Не радует меня и письмо Топорика. Оно на трех страницах, очень подробное, но до смысла мне никак не дойти. Он волновался, наверное, когда писал, и меньше всего думал о смысле. А может быть, дело не в нем, а во мне? Уж очень я устал сегодня, голова гудит, и плечи болят, и так хочется спать! Сумасшедший же денек выдался!
Но в общем можно догадаться, о чем пишет Топорик. У него там какие-то нелады на шахте, кого-то он уличил в жульничестве, и вот теперь на него гонения.
Не раздеваясь, я ложусь поверх одеяла.
Эх, Топорик, Топорик! Что с тобой делать?
Да, рискованно было его одного отпускать в Донбасс, хотя там у него есть родственнички. Надо было или вместе с Виктором отправить его в Ленинград, или оставить в Баку. Докерили бы вместе!
Тут, видимо, я засыпаю.
Среди всяких снов — в который раз! — мне ночью снится «Бой на баррикаде». Но, в отличие от прошлых снов, сегодня я отчетливо вижу город, в котором нахожусь. Медленно я бреду по его широким улицам, мощенным удивительно гладким зеленоватым диабазом. «Хорошо бы таким камнем замостить улицы Баку, — думаю я, — а то арбы и дроги сильно грохочут по булыжнику. И пыли тогда было бы меньше при нашем бакинском норде». С интересом я поглядываю по сторонам: всюду — красивые дома с причудливыми островерхими крышами, утыканные башенками и флюгерами всех размеров, и магазины, магазины с громадными светящимися вывесками. Вывески как будто бы написаны по-немецки, но, когда я начинаю их читать по слогам, они звучат на каком-то другом, незнакомом мне языке.
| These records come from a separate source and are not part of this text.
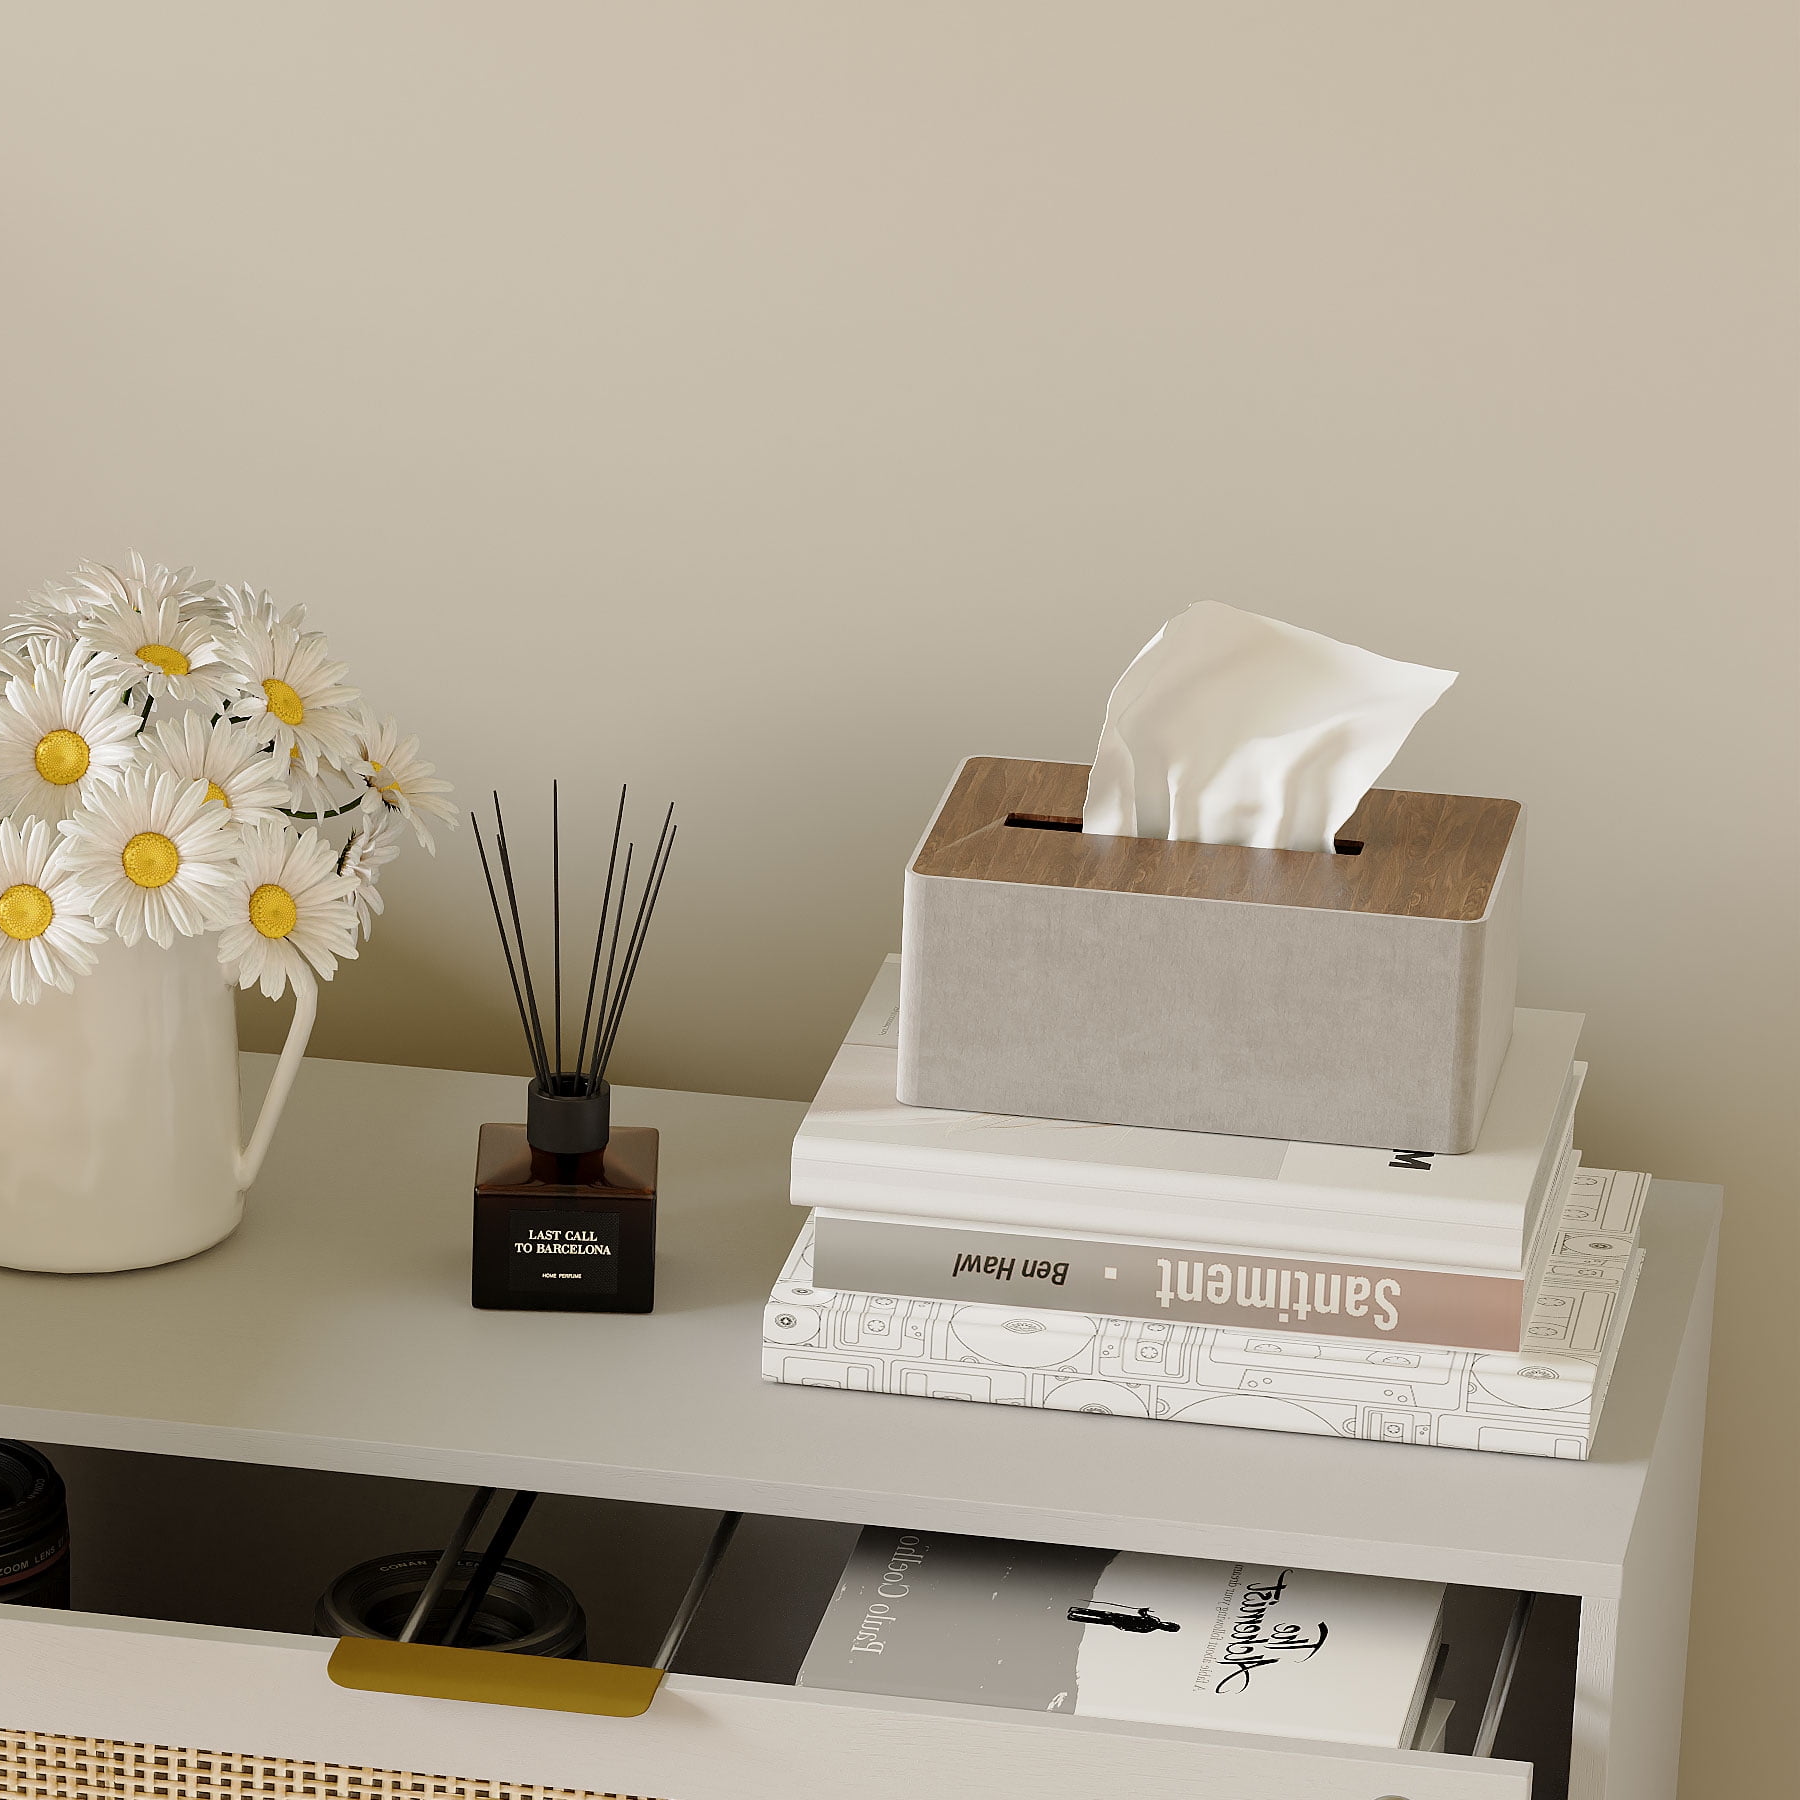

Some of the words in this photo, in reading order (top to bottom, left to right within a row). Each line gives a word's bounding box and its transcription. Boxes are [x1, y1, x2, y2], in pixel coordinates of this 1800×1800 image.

[528, 1229, 561, 1241] LAST
[565, 1230, 598, 1242] CALL
[514, 1242, 532, 1254] TO
[536, 1243, 611, 1256] BARCELONA
[952, 1252, 1016, 1281] Hawl
[1021, 1258, 1070, 1286] Ben
[1156, 1258, 1402, 1332] Santiment
[34, 1545, 56, 1563] LENS
[379, 1560, 427, 1572] CONAN
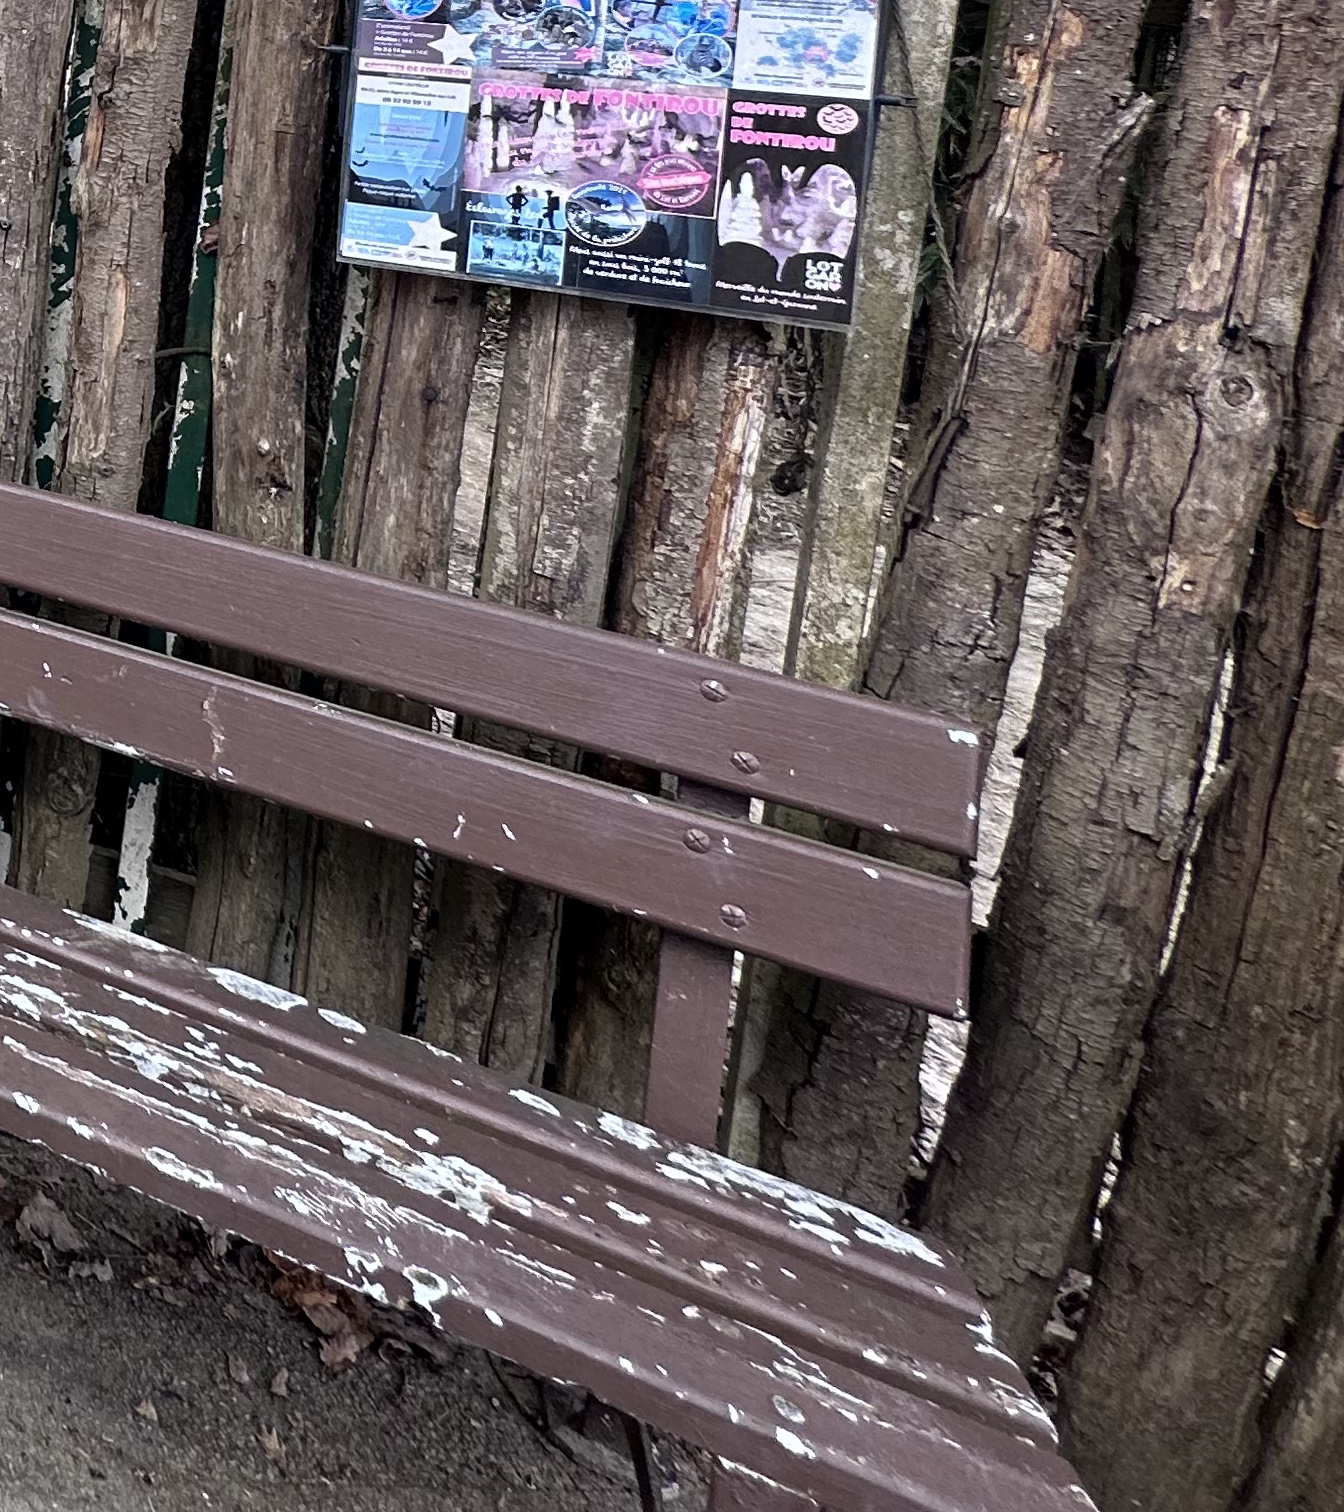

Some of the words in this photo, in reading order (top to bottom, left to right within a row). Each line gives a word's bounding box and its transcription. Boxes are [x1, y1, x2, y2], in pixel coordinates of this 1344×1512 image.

Я миную площадь с высокой колонной, на макушке которой высится вздыбленный конь с всадником, и тут вижу улицы, веером расходящиеся во все стороны. По ним идут тысячные толпы с плакатами и транспарантами. Это забастовщики: докеры, шахтеры, металлисты.
Я оглядываюсь по сторонам, ищу полицейских, но нигде их не вижу.
«А, гады, — радуюсь я, — сдрейфили на этот раз? Испугались народного гнева?.. Да, такой демонстрации вам не приходилось видеть. Теперь — все! Теперь — народ возьмет власть в свои руки!»
И вдруг — смятение в передних рядах. На одних улицах народ шарахается в сторону, на других — начинает строить баррикады. Из разбитых витрин выволакивают мешки, ящики, бочки.
Я оборачиваюсь — и с ужасом вижу: со стороны площади, извергая пламя из пасти, несется сотня кровавых собак. Я пытаюсь кричать — и не могу. Я пытаюсь бежать — и не могу сдвинуться с места.
Самая большая кровавая собака бросается ко мне и с разлету хватает за руку выше локтя. Я чувствую, как ее зубы все глубже и глубже вонзаются в меня и доходят до кости.